Inaceptable por Dios mismo. Si hemos purificado su imagen, resulta incomprensible ese Dios extrañamente particularista, por no decir arbitrario. Crear a todos los hombres pero revelar su amor a sólo una pequeñísima minoría se parece demasiado a un hombre que tuviese muchos hijos pero sólo cuidase de uno y mandase los otros a la inclusa. ¿Por qué a unos sí y a otros no? Por otra parte, ¿por qué no decirlo todo de una vez o cuanto antes?, ¿cómo es posible que, más o menos hasta el siglo III a.C., mantuviese a su pueblo en la ignorancia sobre la vida eterna, provocando crisis tan terribles como la relatada en el libro de Job? Más grave aún, ¿cómo pudo decir en algunas ocasiones que había que pasar a cuchillo a ciudades enteras -el herem o anatema- o que iba a mandar una peste sobre el pueblo (2S 24), porque el rey había pecado (¡instigado por Él! [véase 2S 24,1]) o que castiga la culpa de los padres en los hijos hasta la cuarta generación (Ex 34,7; Nm 14,18)?.

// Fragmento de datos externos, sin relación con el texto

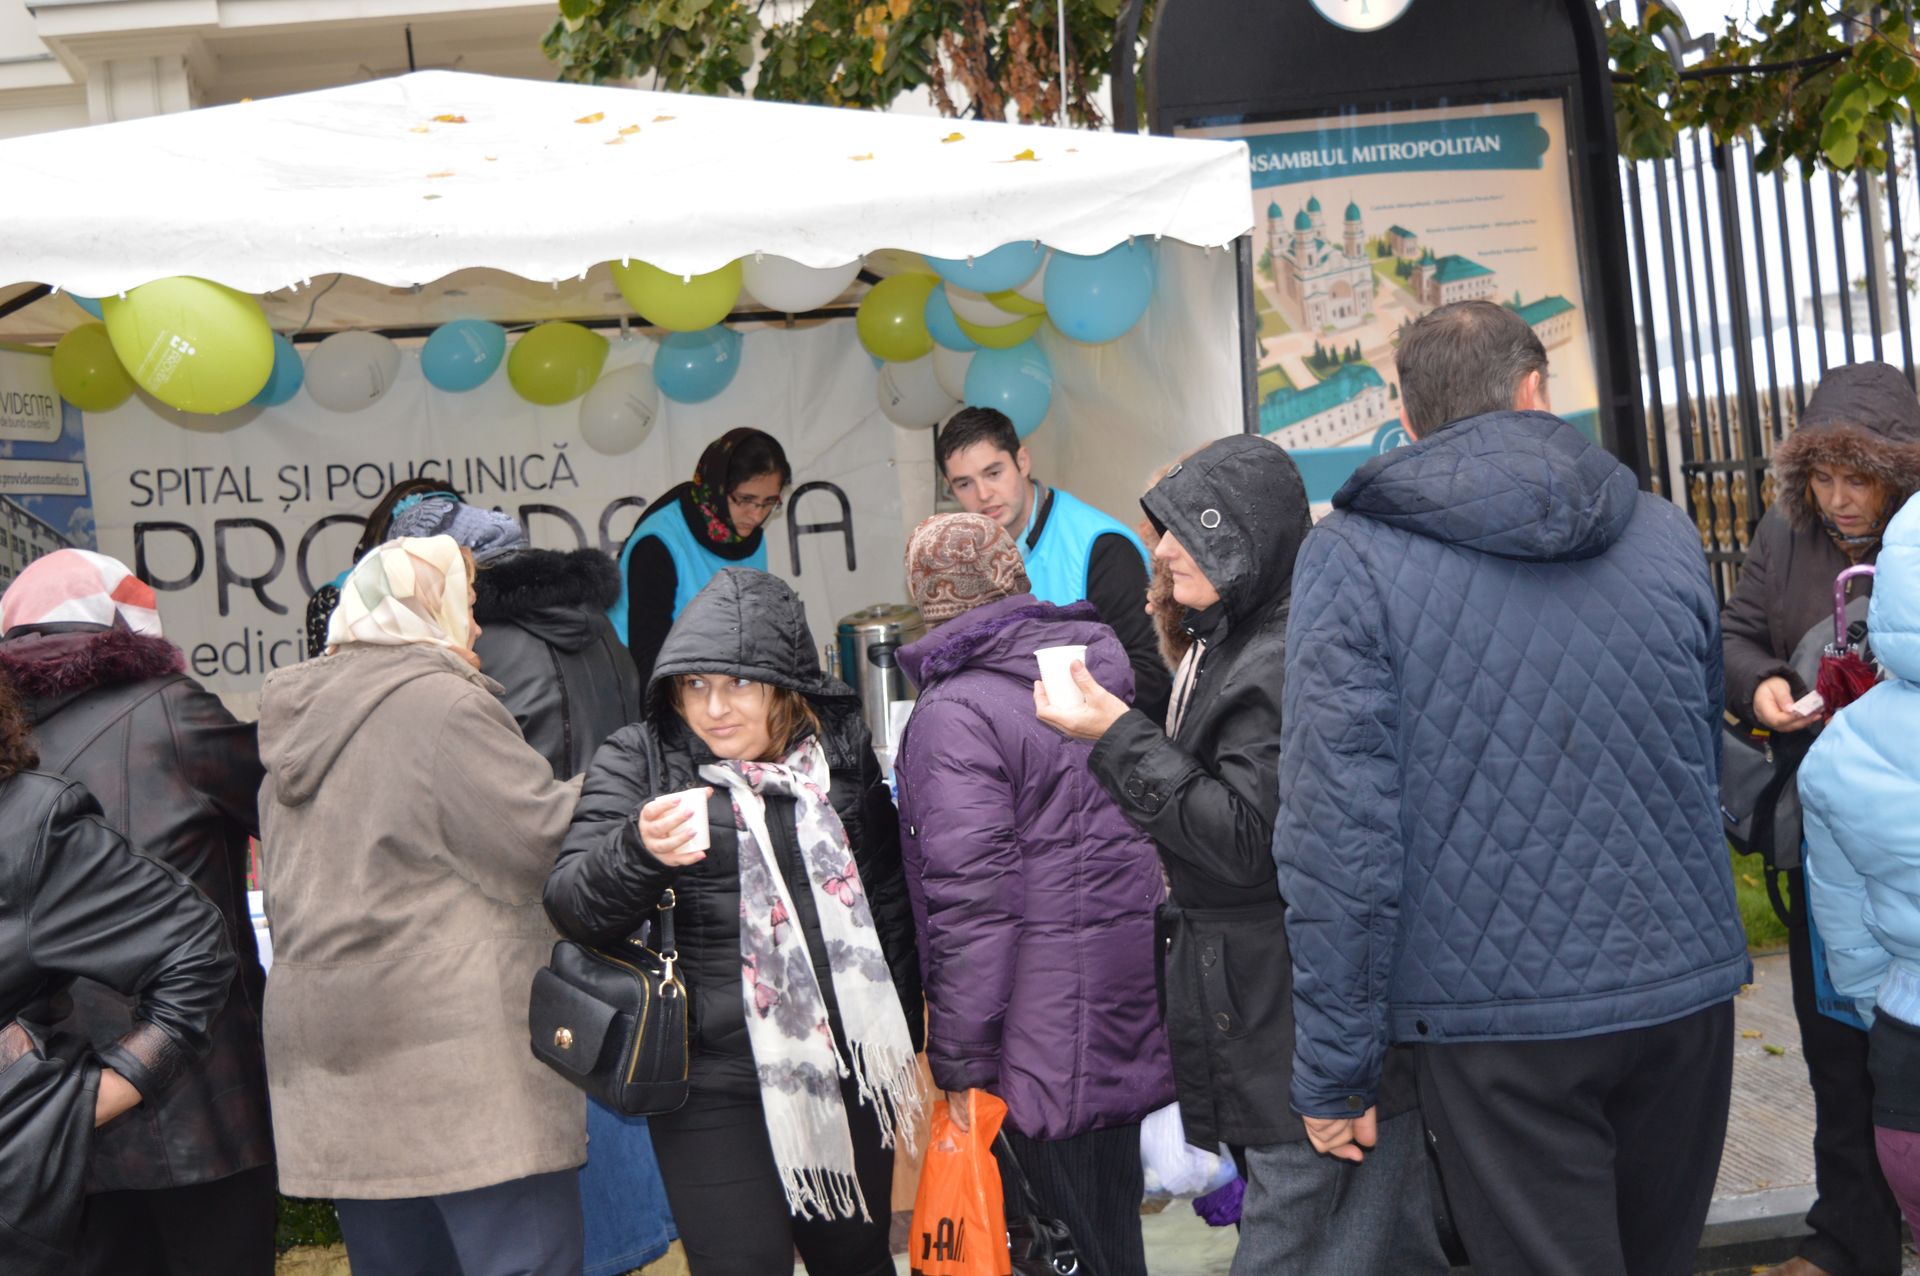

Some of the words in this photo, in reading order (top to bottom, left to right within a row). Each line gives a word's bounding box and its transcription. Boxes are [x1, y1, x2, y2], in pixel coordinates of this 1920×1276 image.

[1351, 135, 1501, 164] MITROPOLITAN
[129, 465, 264, 507] SPITAL
[278, 464, 310, 513] ȘI
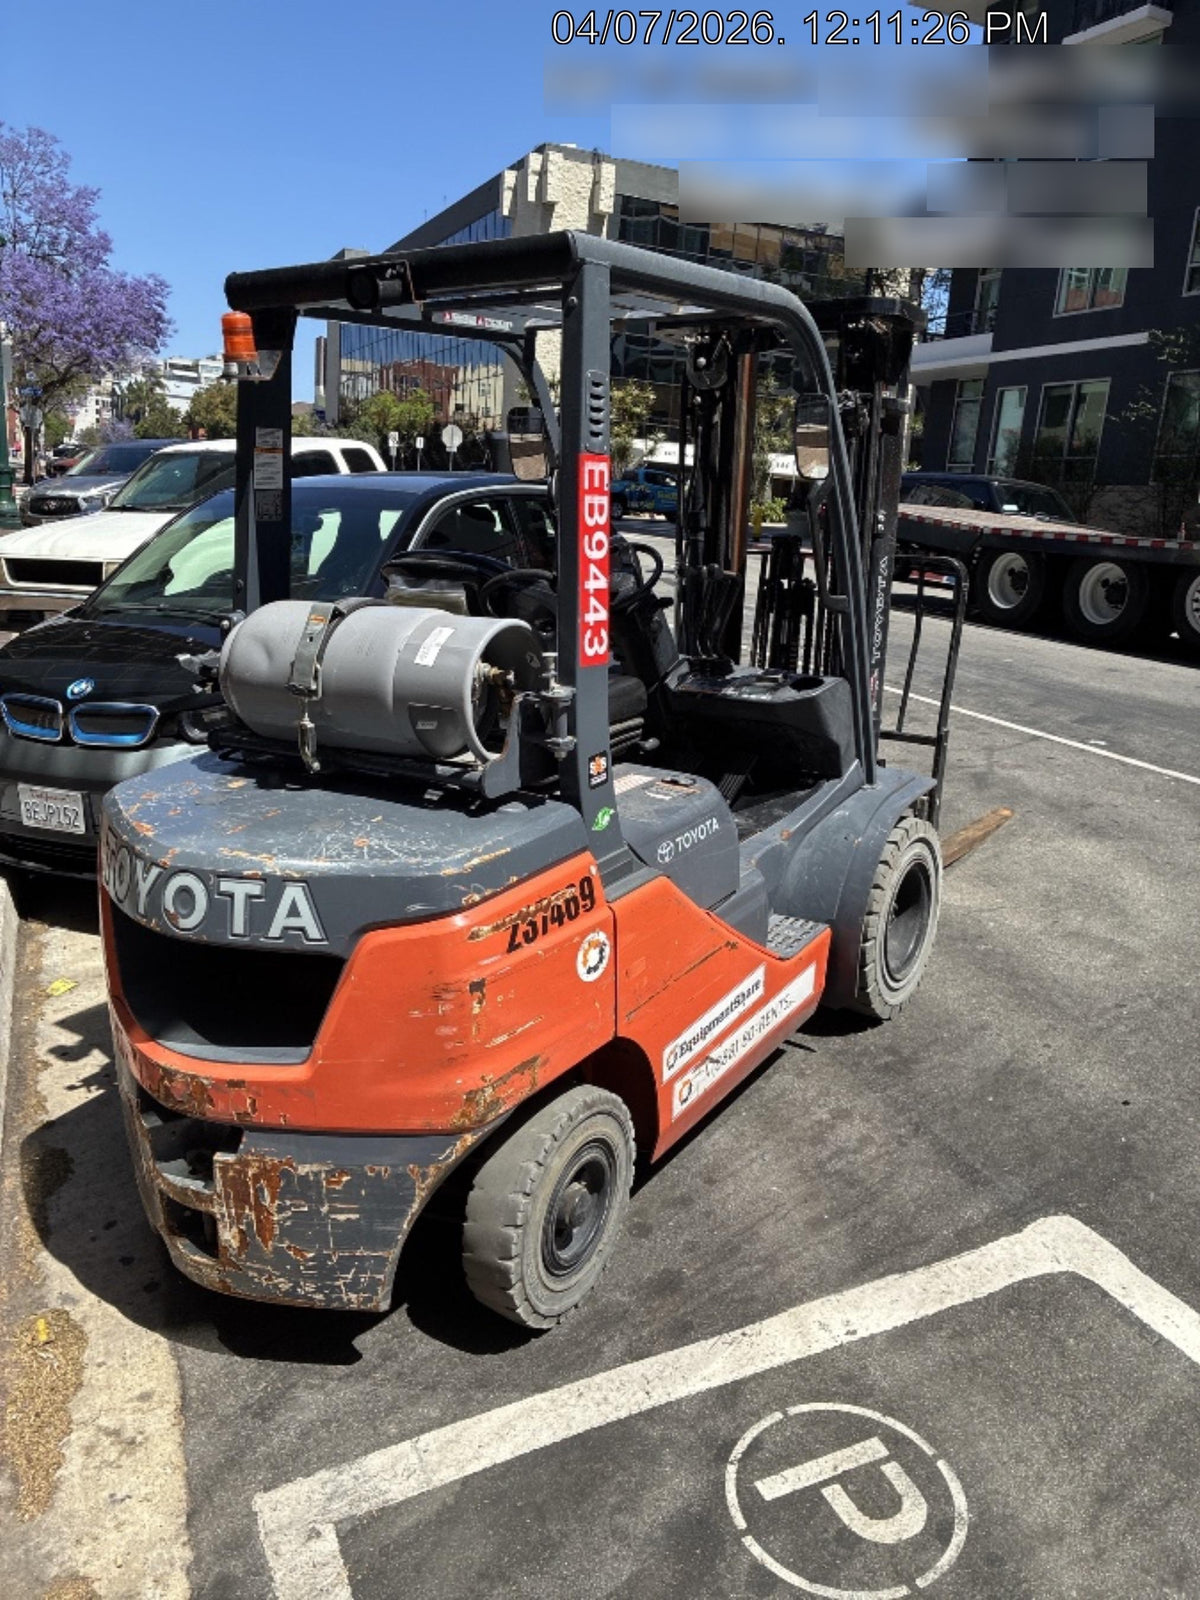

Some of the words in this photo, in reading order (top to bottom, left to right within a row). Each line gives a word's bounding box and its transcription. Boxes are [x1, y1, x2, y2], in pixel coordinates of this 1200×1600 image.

[583, 460, 609, 657] EB9443
[24, 801, 80, 829] 8EJP152
[675, 817, 720, 852] TOYOTA
[102, 827, 328, 944] TOYOTA
[678, 979, 761, 1058] EquipmentShare
[753, 1436, 928, 1544] P

Resulta doloroso y casi irritante escuchar estas cosas. Pero cualquier diccionario bíblico permite aumentar la lista. Quizás sea bueno dejar fluir la irritación orientándola en la dirección justa, como llamada a la reflexión honesta y radical sobre un problema que hay que afrontar con urgencia.

Es obvio que si se mantiene la concepción “tradicional”, no puede negarse la verdad de esas consecuencias. Vista así la Biblia, los cardenales romanos no podían, en conciencia, dejar que Galileo afirmase que la tierra se movía, cuando resulta claro que el libro de Josué dice literalmente que el sol “se detuvo” (Jos 10,13) y, por consiguiente, era el que giraba. El único camino practicable es revisar nuestra concepción de la revelación y preguntarnos qué queremos decir cuando proclamamos que un texto determinado es “palabra de Dios”.

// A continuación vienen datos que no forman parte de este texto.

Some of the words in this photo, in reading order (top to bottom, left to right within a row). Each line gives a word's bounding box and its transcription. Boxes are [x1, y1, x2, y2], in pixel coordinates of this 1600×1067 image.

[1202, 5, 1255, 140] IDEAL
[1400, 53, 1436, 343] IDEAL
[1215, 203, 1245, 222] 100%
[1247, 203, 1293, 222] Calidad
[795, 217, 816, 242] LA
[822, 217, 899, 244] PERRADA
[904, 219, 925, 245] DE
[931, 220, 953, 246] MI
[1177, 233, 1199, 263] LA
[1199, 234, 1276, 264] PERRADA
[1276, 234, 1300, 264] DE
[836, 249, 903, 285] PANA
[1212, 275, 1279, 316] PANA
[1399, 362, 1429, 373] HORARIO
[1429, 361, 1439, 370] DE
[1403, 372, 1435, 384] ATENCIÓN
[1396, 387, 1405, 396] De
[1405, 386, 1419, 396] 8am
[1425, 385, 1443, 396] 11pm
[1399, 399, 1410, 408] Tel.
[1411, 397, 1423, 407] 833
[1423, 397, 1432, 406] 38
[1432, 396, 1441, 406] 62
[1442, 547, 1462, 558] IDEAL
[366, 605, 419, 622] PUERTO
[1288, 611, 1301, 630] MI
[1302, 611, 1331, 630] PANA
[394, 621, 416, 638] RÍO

Necesidad de coherencia radical

No es sólo la idea de Dios la que exige el cambio, sino que la vivencia de la fe lo está pidiendo y presuponiendo a cada instante. Porque la experiencia religiosa implica que Dios se nos comunica aquí y ahora a todos y a cada uno, de modos siempre nuevos.

Siempre que oramos damos por supuesto que “hablamos” con Dios y que Él nos responde. Y por eso tratamos dé determinar los movimientos de su gracia en nuestro ser. Todos deseamos saber qué nos dice Dios, qué caminos desea para nuestra realización, qué quiere que hagamos para ayudar a los demás.

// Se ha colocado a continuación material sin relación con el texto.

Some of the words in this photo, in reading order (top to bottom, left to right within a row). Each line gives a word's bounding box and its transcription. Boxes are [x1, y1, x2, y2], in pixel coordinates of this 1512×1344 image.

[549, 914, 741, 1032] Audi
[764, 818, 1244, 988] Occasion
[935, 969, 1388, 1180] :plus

No estamos acostumbrados a llamar a esto “revelación”. Pero lo es. No verlo así es fruto de una visión deformada que hace de la “palabra de Dios” algo lejano, acontecido in illo tempore. Entonces se da un dualismo en la vida humana: por un lado eso que llaman “la palabra de Dios”, y por otro la vida de oración, la experiencia de la gracia. Todo ello reforzado por la mentalidad deísta: división entre lo natural y lo sobrenatural.

El resultado es una “mala conciencia”, que dice unas cosas mientras implica otras, que vive dividida entre la teoría y la práctica: la revelación ha terminado (teoría), pero Dios está presente en nuestra vida (práctica); Dios habló sólo a unos pocos (teoría), pero cuida de todos (práctica); Dios habla sólo en la Escritura (teoría), pero se nos comunica en la oración (práctica), etc.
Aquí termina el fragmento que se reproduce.